### PROBLEM TO WORK ON
Transcribe the listing that follows in full, exactly, and drop its images.

### PROVIDED ENTRIES
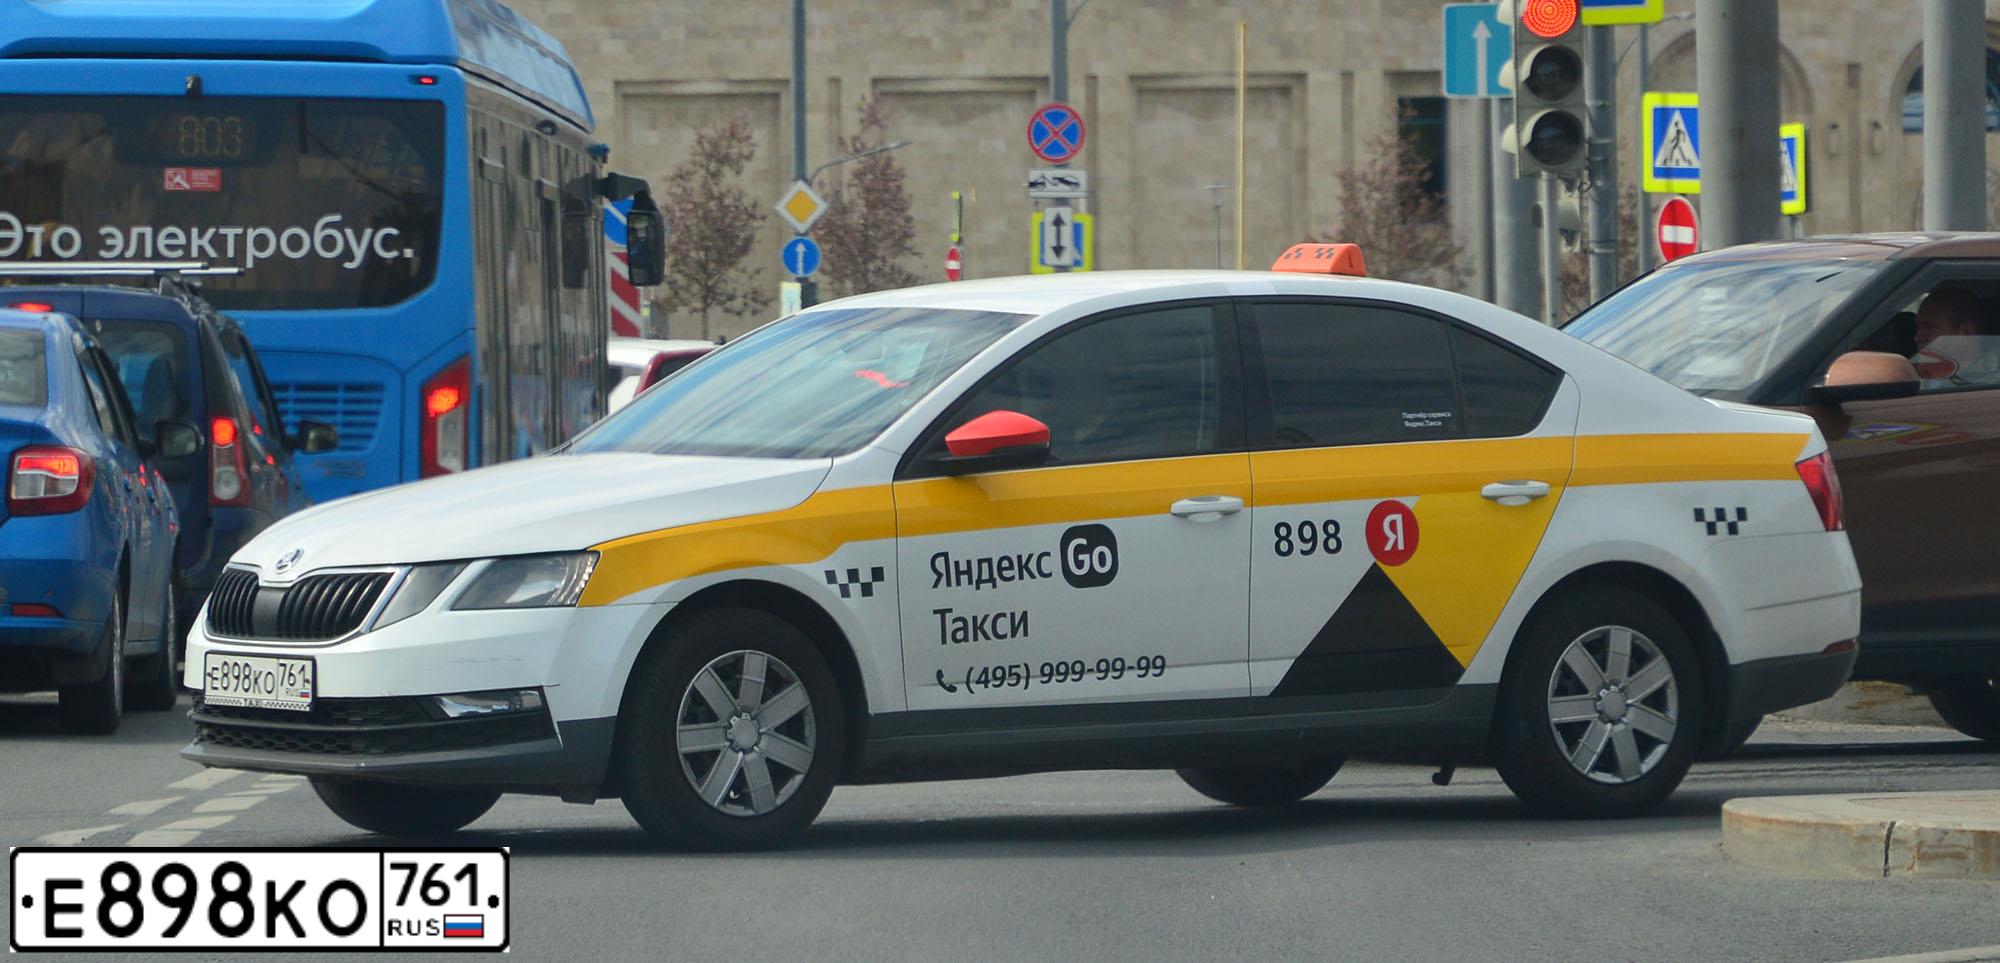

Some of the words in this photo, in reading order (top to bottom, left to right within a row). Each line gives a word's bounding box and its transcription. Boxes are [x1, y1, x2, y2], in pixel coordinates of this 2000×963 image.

[180, 115, 242, 157] 803
[0, 210, 82, 258] Это
[98, 214, 415, 269] электробус.
[1274, 519, 1343, 557] 898
[1382, 513, 1405, 552] Я
[929, 551, 1053, 590] Яндекс
[1067, 537, 1113, 576] Go
[932, 607, 1030, 646] Такси
[279, 663, 306, 688] 761
[965, 662, 1031, 694] (495)
[1039, 655, 1166, 684] 999-99-99
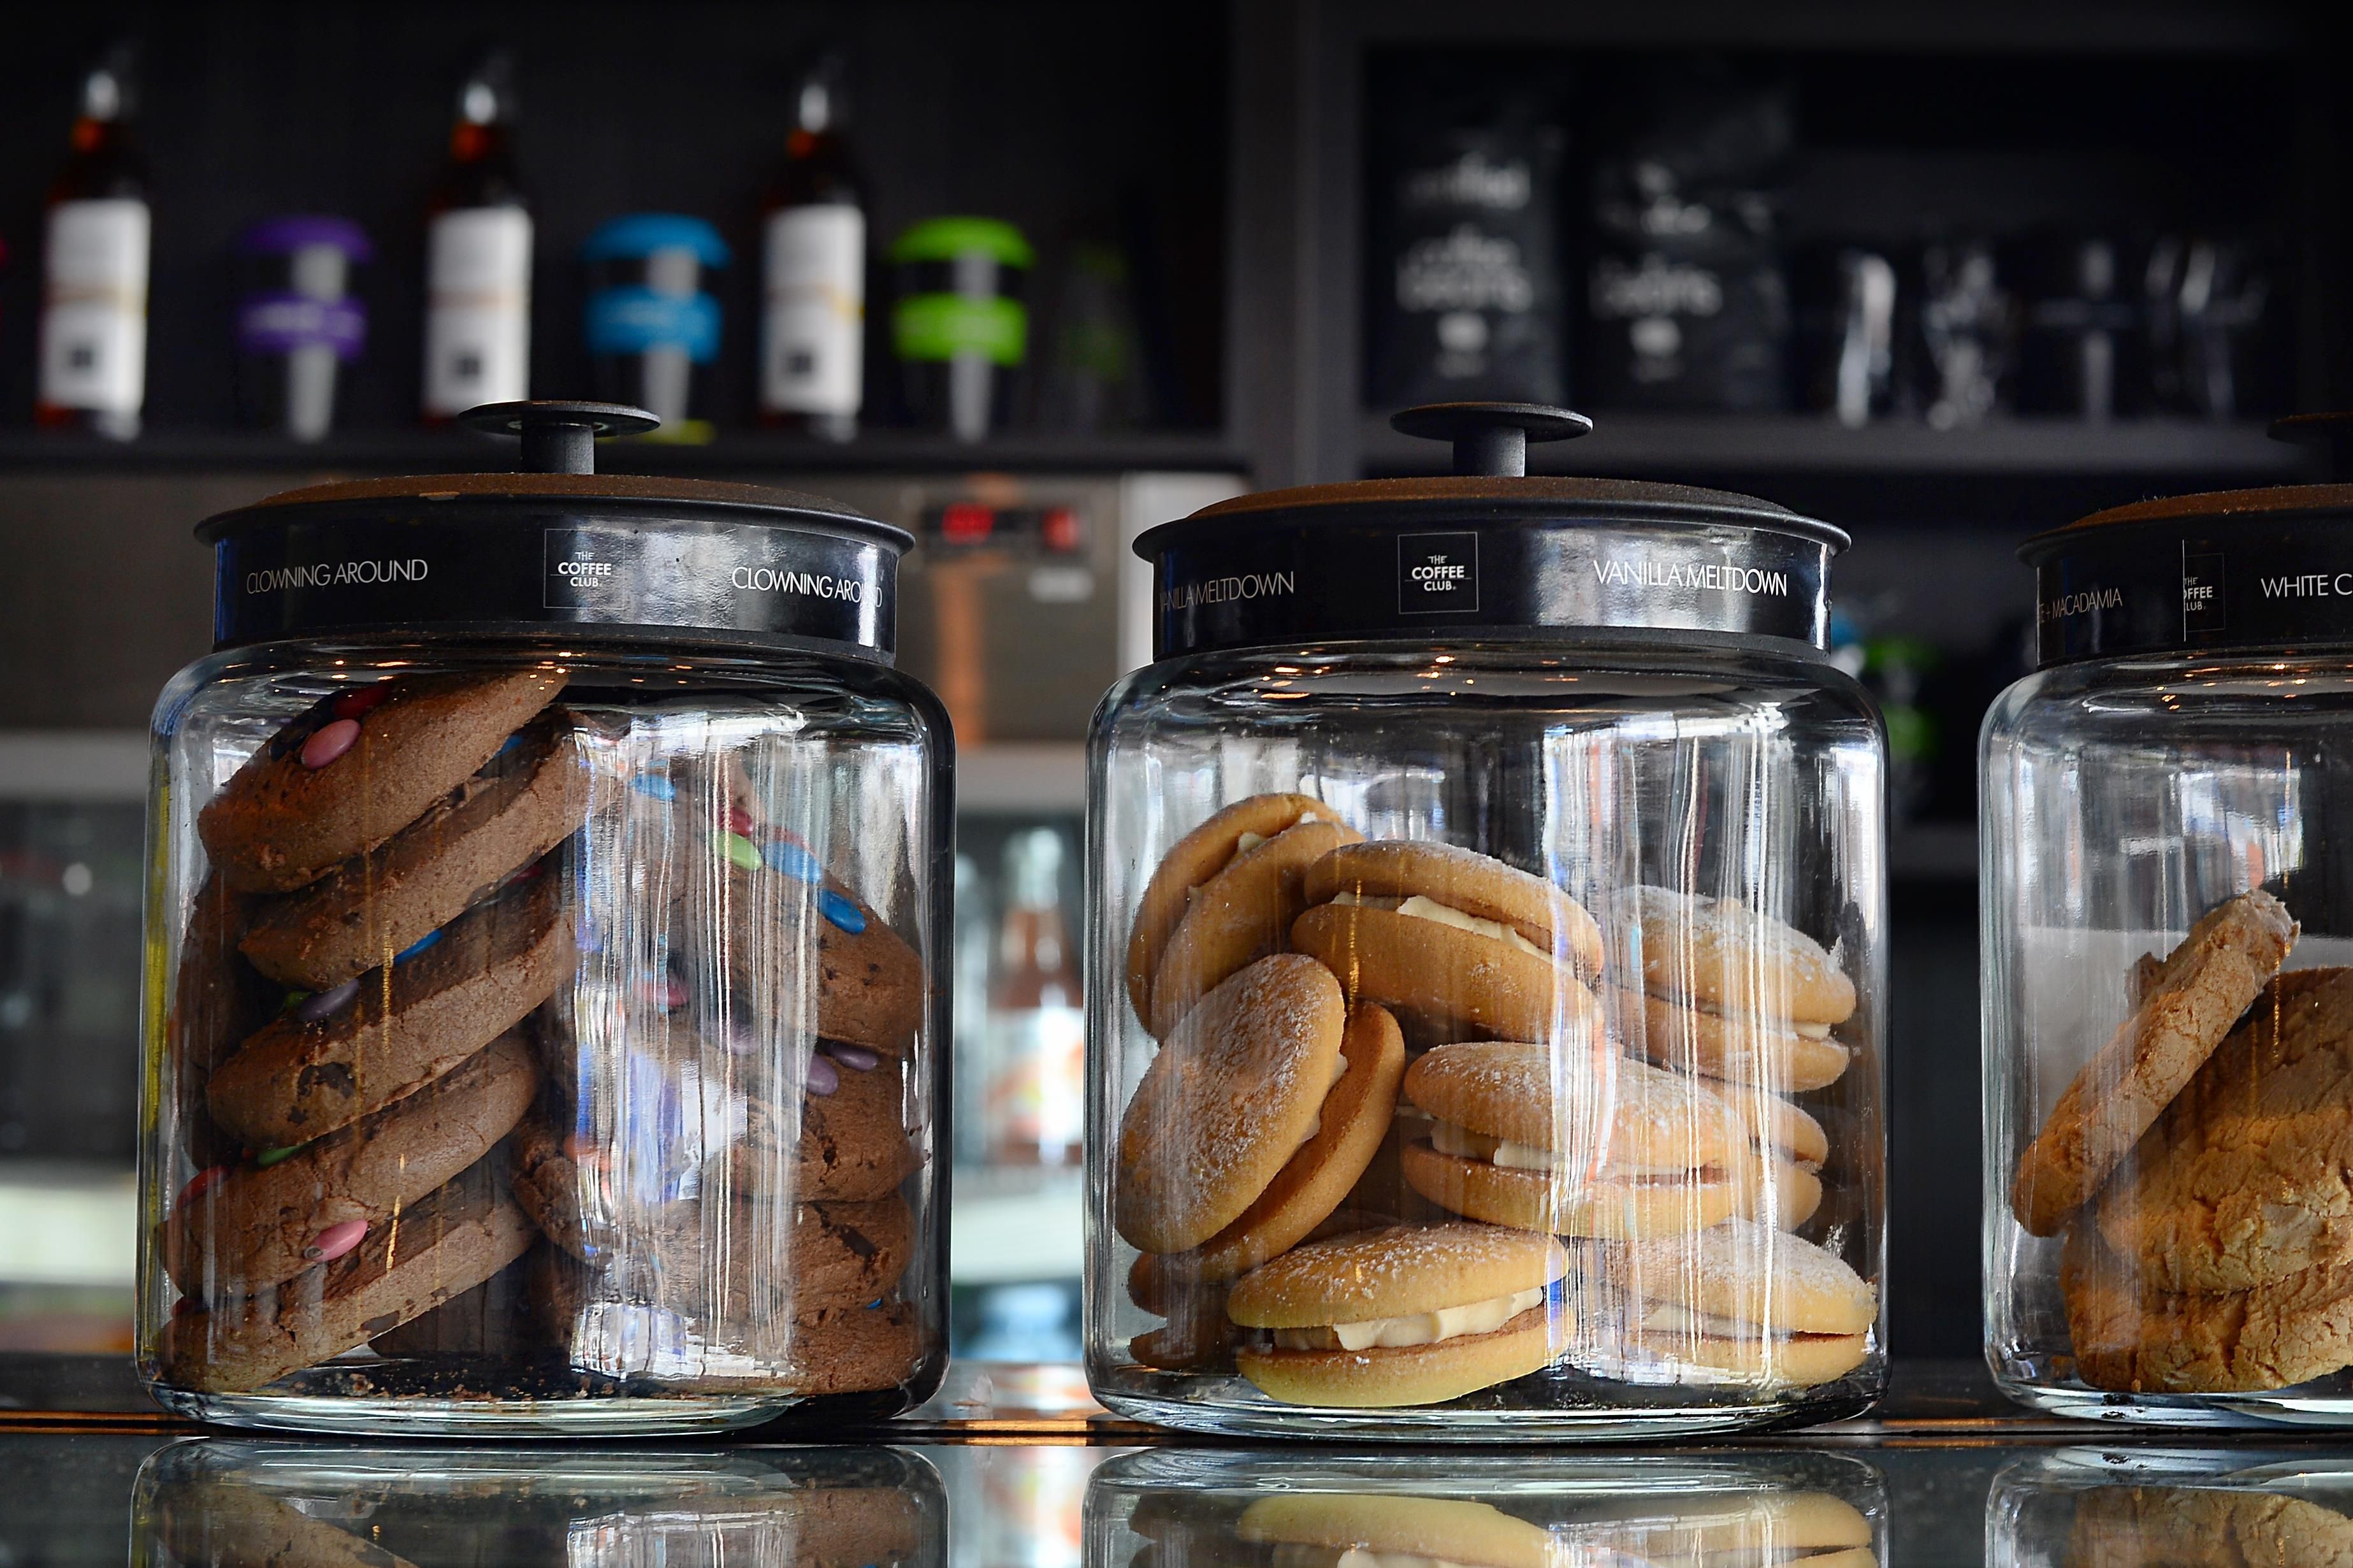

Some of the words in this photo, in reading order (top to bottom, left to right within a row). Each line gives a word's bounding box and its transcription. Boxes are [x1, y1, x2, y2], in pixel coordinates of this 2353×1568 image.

### RESPONSE FOR THIS EXERCISE
Some of the words in this photo, in reading order (top to bottom, left to right within a row). Each line gives a word's bounding box and its transcription. Boxes are [x1, y1, x2, y2], in pixel coordinates of this 2000×963 image.

[180, 115, 242, 157] 803
[0, 210, 82, 258] Это
[98, 214, 415, 269] электробус.
[1274, 519, 1343, 557] 898
[1382, 513, 1405, 552] Я
[929, 551, 1053, 590] Яндекс
[1067, 537, 1113, 576] Go
[932, 607, 1030, 646] Такси
[279, 663, 306, 688] 761
[965, 662, 1031, 694] (495)
[1039, 655, 1166, 684] 999-99-99

Some of the words in this photo, in reading order (top to bottom, left to right within a row). Each line gives a word's bounding box and its transcription. Boxes are [x1, y1, x2, y2], in pixel coordinates of this 2353×1568 image.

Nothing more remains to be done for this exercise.